Many of the allegations are from companies that were forced to use the services of Quayside and were then loaned large sums of money, much of which was removed in Quayside fees. From 2007, after fraud allegations surfaced, scores of companies were put into administration. The suspects, which include numerous Quayside consultants, then allegedly expropriated physical assets worth scores of millions and, in administration deals from April 2007, were permitted by the bank to take ownership of many surviving assets.

And where there’s alleged fraud on this scale (the total involved seems to be around £1Bn), any cover up would have to be massive:

Whistleblower Paul Moore, who was ousted as group head of regulatory risk at HBOS in 2005 after he sought to alert its board to self-destructive behaviour in its retail sales arm — plus many of the owners of the 50-plus companies that got sucked into the fraud and were put into administration as part of an alleged cover-up — believes that board-level directors at HBOS including former chairman Lord Stevenson, former chief executive Andy Hornby and former head of corporate Peter Cummings ought to be investigated.

They claim that senior executives at the firm failed to notify the whole HBOS board and the Financial Services Authority (FSA) about the criminal nature of the activities.
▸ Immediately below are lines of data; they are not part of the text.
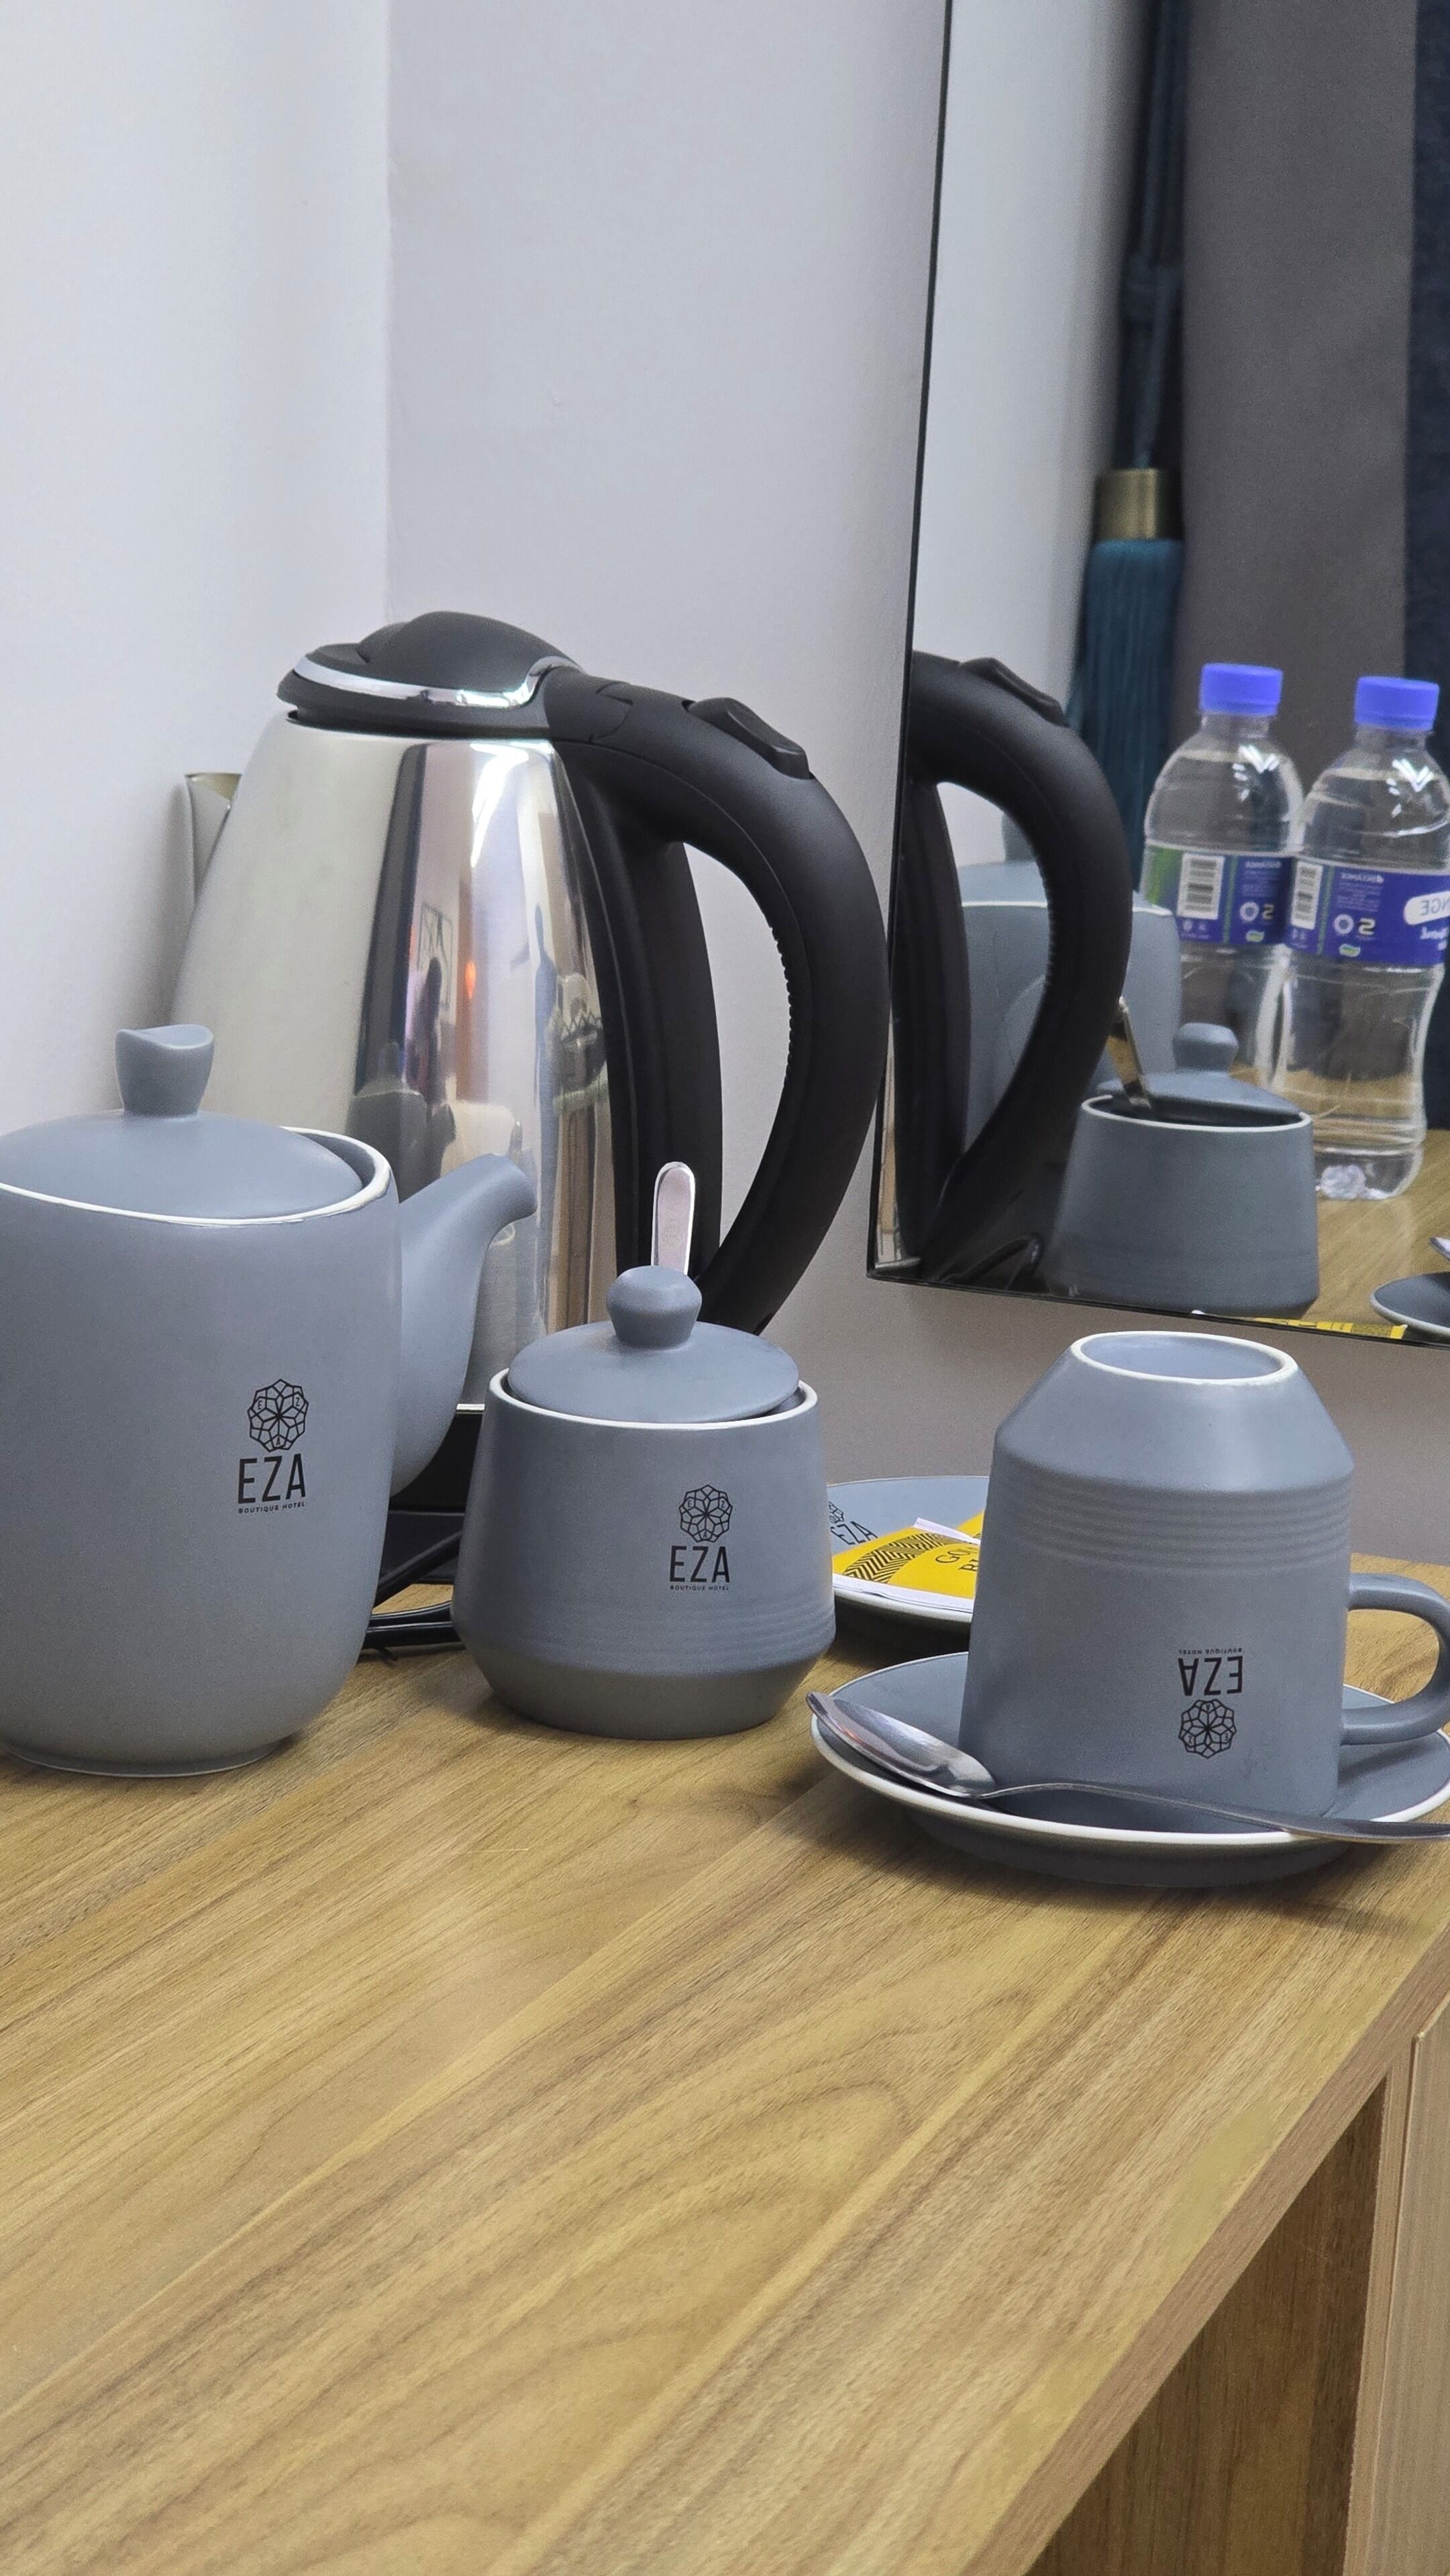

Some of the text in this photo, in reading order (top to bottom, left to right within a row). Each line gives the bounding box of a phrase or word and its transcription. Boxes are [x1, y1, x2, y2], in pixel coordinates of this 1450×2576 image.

[238, 1453, 306, 1504] EZA
[238, 1501, 305, 1514] BOUTIQUE HOTEL
[830, 1521, 878, 1545] EZA
[669, 1545, 730, 1583] EZA
[1178, 1656, 1243, 1697] EZA
Senior sources from the impaired assets divisions of other leading banks claim that at their organisations, it would be inconceivable for large numbers of loans worth many millions of pounds to be extended to companies with debt problems without board-level executives being aware.

Moore said: “There are inferences from the evidence of the involvement of senior executives and board members either in the fraud itself or in a conspiracy to pervert the course of justice – in other words in a cover up.”
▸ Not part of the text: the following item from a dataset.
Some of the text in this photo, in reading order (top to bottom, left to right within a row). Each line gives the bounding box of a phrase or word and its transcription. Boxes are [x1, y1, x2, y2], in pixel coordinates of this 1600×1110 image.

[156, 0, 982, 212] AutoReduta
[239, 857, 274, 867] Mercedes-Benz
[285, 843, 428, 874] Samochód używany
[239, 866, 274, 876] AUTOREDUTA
HBOS senior managers have always denied any knowledge of wrongdoing.

Well, actually. they would, wouldn’t they?

The contrast between the life styles of the perpetrators and the victims is striking, too:

The most sickening thing about the whole sordid debacle is that the alleged perpetrators wre able to buy an fund the running costs of two mega-yachts in the Mediterranean Sea, having siphoned funds out of a state-rescued bank. And secondly, that the decent company directors, whose businesses and indeed lives have been destroyed, or harmed, as a result of the bank’s behaviour, continue to be persecuted, with one couple having been through 22 separate court hearings as the bank seeks to repossess their home, in the apparent hope of silencing them.

To judge by the energy and promptness with which it has pursued its investigations, the FSA, the UK’s financial regulator, is fine with all of this.

In fact, according to the Sunday Times of 24th July, FSA is keen to do a nice little deal with Peter Cummings (who was, incidentally, the director of 149 of the companies to which HBOS lent, many of which were joint ventures between the bank and its favoured clique of property tycoons, though none of these appear to have been beneficiaries of the Reading branch’s largesse). The proposed FSA deal is this: Cummings agrees to a lifetime ban from the securities industry, and the FSA in return drops its investigation into his tenure as director of corporate banking at HBOS. That’s an investigation which could only embarrass the great and good on the HBOS board at the time, and, indeed, would leave the FSA itself struggling to explain the quality of its banking supervision during the period in question. So pretty much a win-win, then: unless you are one of the fraud victims; or believe, quixotically, naively, that such cataclysmically bad oversight (or is it plain malfeasance?) ought to be investigated, and if appropriate, prosecuted.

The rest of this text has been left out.